- _Aim of the exercise_
Return the data in full, exactly as it was written.

[Entries taken from a collection]
————————
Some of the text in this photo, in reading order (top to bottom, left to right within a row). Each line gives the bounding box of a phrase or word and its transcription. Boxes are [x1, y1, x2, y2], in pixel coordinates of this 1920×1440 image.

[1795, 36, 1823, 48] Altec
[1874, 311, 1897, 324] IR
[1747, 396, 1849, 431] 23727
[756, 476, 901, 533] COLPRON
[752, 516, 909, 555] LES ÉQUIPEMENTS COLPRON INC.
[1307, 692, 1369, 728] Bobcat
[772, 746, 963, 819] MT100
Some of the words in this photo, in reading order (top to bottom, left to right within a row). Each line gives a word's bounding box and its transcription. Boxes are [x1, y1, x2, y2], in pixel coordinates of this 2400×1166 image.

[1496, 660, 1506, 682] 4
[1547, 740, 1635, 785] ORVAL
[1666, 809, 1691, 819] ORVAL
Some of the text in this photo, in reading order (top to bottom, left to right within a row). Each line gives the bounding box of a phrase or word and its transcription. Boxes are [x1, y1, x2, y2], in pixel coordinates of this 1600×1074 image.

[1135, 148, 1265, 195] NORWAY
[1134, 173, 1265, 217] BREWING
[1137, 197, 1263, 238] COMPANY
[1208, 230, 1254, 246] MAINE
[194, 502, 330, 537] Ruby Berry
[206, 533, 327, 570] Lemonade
————————
- _Response area_
Some of the text in this photo, in reading order (top to bottom, left to right within a row). Each line gives the bounding box of a phrase or word and its transcription. Boxes are [x1, y1, x2, y2], in pixel coordinates of this 1920×1440 image.

[1795, 36, 1823, 48] Altec
[1874, 311, 1897, 324] IR
[1747, 396, 1849, 431] 23727
[756, 476, 901, 533] COLPRON
[752, 516, 909, 555] LES ÉQUIPEMENTS COLPRON INC.
[1307, 692, 1369, 728] Bobcat
[772, 746, 963, 819] MT100
Some of the words in this photo, in reading order (top to bottom, left to right within a row). Each line gives a word's bounding box and its transcription. Boxes are [x1, y1, x2, y2], in pixel coordinates of this 2400×1166 image.

[1496, 660, 1506, 682] 4
[1547, 740, 1635, 785] ORVAL
[1666, 809, 1691, 819] ORVAL
Some of the text in this photo, in reading order (top to bottom, left to right within a row). Each line gives the bounding box of a phrase or word and its transcription. Boxes are [x1, y1, x2, y2], in pixel coordinates of this 1600×1074 image.

[1135, 148, 1265, 195] NORWAY
[1134, 173, 1265, 217] BREWING
[1137, 197, 1263, 238] COMPANY
[1208, 230, 1254, 246] MAINE
[194, 502, 330, 537] Ruby Berry
[206, 533, 327, 570] Lemonade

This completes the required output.